To make the horsepower levels that Top Fuel and Funny Car do, it’s no secret that a lot of fuel is needed. From starting the car to doing the burnout and backing up, making crew chief adjustments, making the run to shutting the car off, a Top Fuel or Funny Car will go through in the neighborhood of 15 gallons of fuel. 

“The fuel line is about 3” thick, and the fuel pumps flow somewhere in the neighborhood of 100 gpm,” Morrison says. “We’re idling between 3.6-3.8 gpm. It’s burning a lot of fuel.”

Regardless if you’re in Top Fuel or in Funny Car, you are only allowed to run 90% nitromethane fuel. This percentage varies from crew chief to crew chief, but most teams are running between 88%-90% nitro. To help deliver mass amounts of fuel to the engine, these combinations have numerous injectors located in several different areas of the engine.

“There’s six nozzles right in the front of the blower, and then there’s another four in back of the blower to keep that all lubricated,” Flynn points out. “In the manifold, most teams would have one nozzle, but some have two. Then, we have two in the intake port also. Usually, you idle off of what’s coming through the blower and then some people have one of their idle nozzles in the manifold and then some people have one of their idle nozzles in the intake port itself. It’s just a personal preference. I would say more Funny Cars than dragsters idle in the manifold, but it can go either way.”

Tuning

Due to the fact that these engines are all very similar, much of the difference in performance from one team to another comes down to tuning. In Top Fuel and Funny Car classes, you’re often tuning cylinder by cylinder versus the entire engine at once.

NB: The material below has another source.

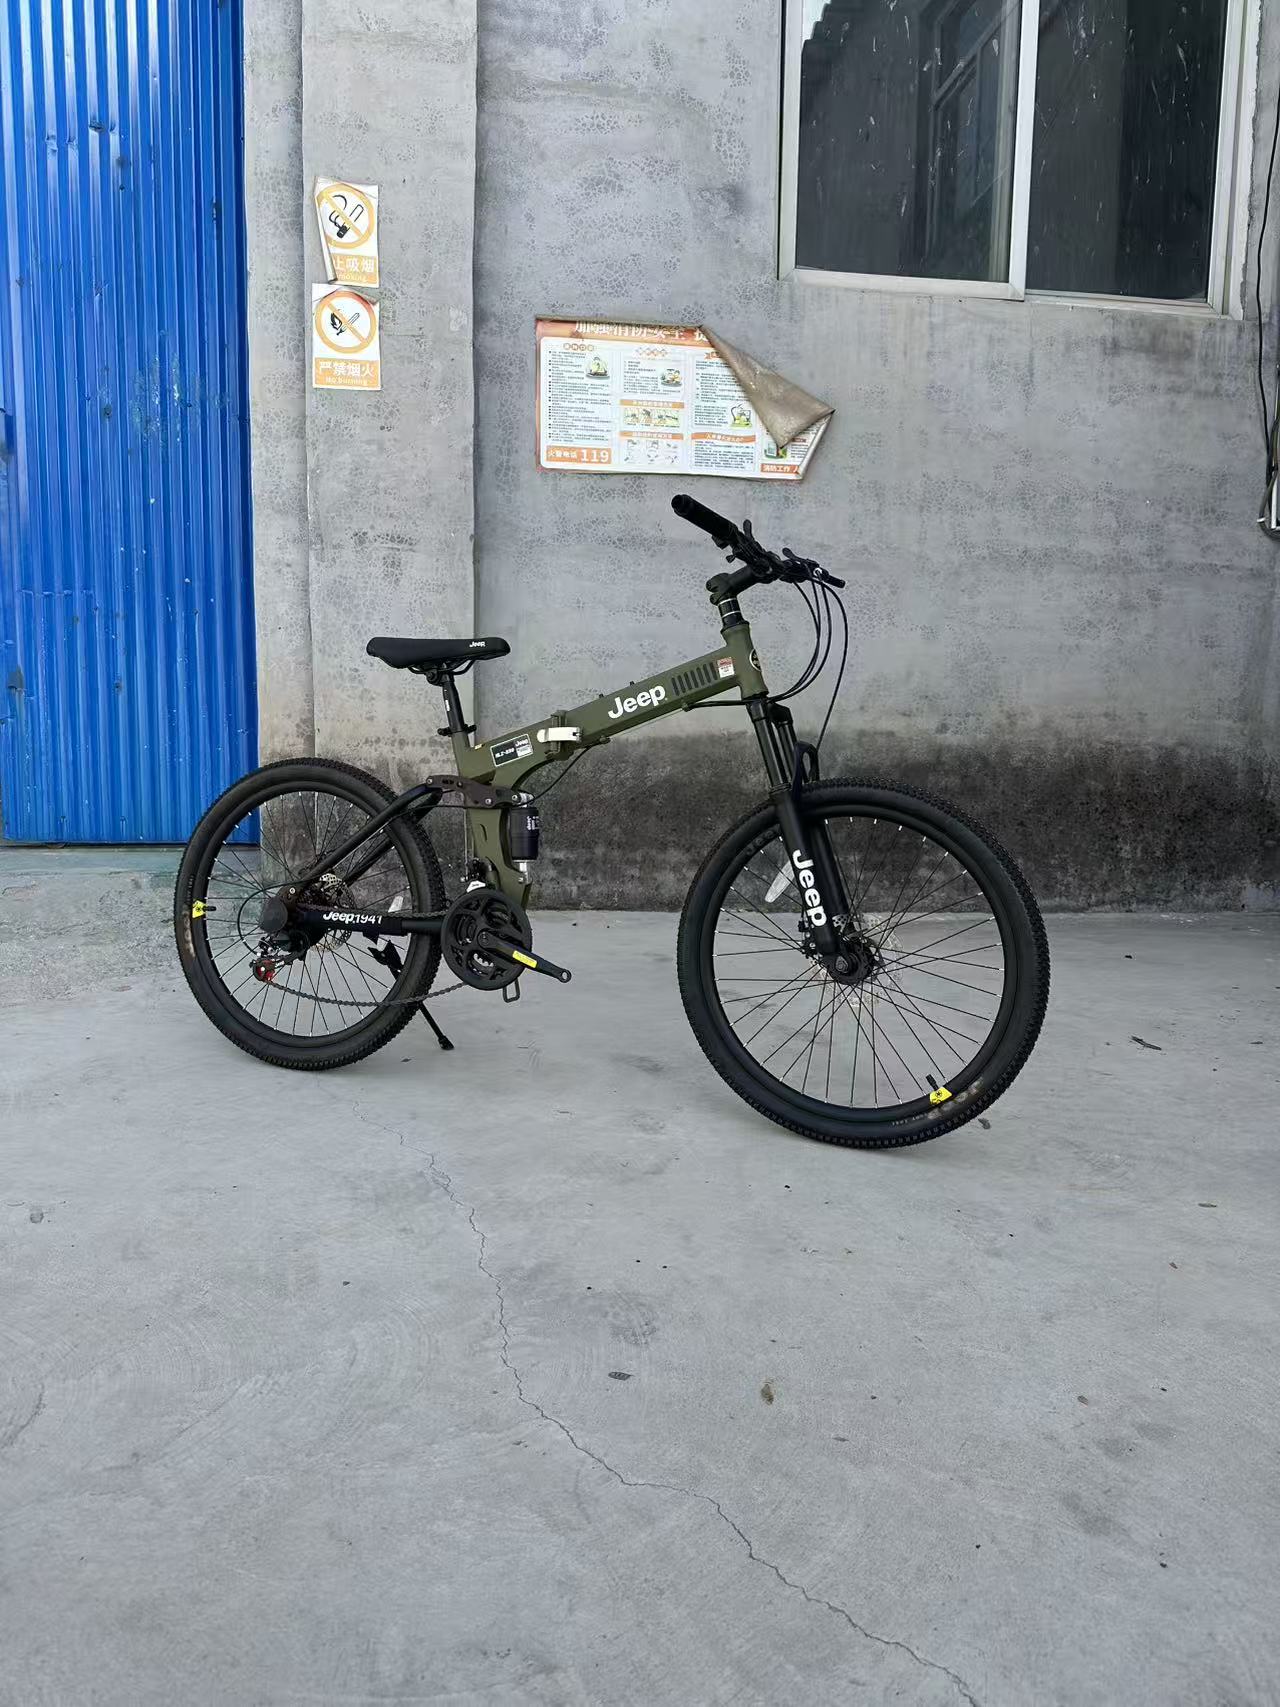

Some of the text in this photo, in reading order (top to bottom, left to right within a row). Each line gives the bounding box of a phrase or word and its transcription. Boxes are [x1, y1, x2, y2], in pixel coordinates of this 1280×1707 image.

“We try to balance very, very closely each particular cylinder,” Morrison says. “We’re not really tuning an eight-cylinder engine, we’re tuning eight one-cylinder engines.”

In recent years, Top Fuel dragsters have seen quickest ETs in the 3.60s, while Funny Cars have seen quickest ETs in the 3.80s.

Again, you’re finding out the atmospheric conditions of the day and then you make your compression ratio calculations. Teams also have software that helps make these decisions, but your tune is related to air and somewhat to track conditions.

“You’re making these adjustments all the time,” Flynn notes. “You go up to the staging area and you’ve got a basic setup and if the weather changes you can make some timing adjustments or fuel adjustments or overdrive adjustments up until maybe three pairs ahead of you. At the same time, you’re following the track conditions and you’re making those adjustments too depending on whether the track is cooling off or heating up. You’re making those adjustments up until the last second so you can make a successful run.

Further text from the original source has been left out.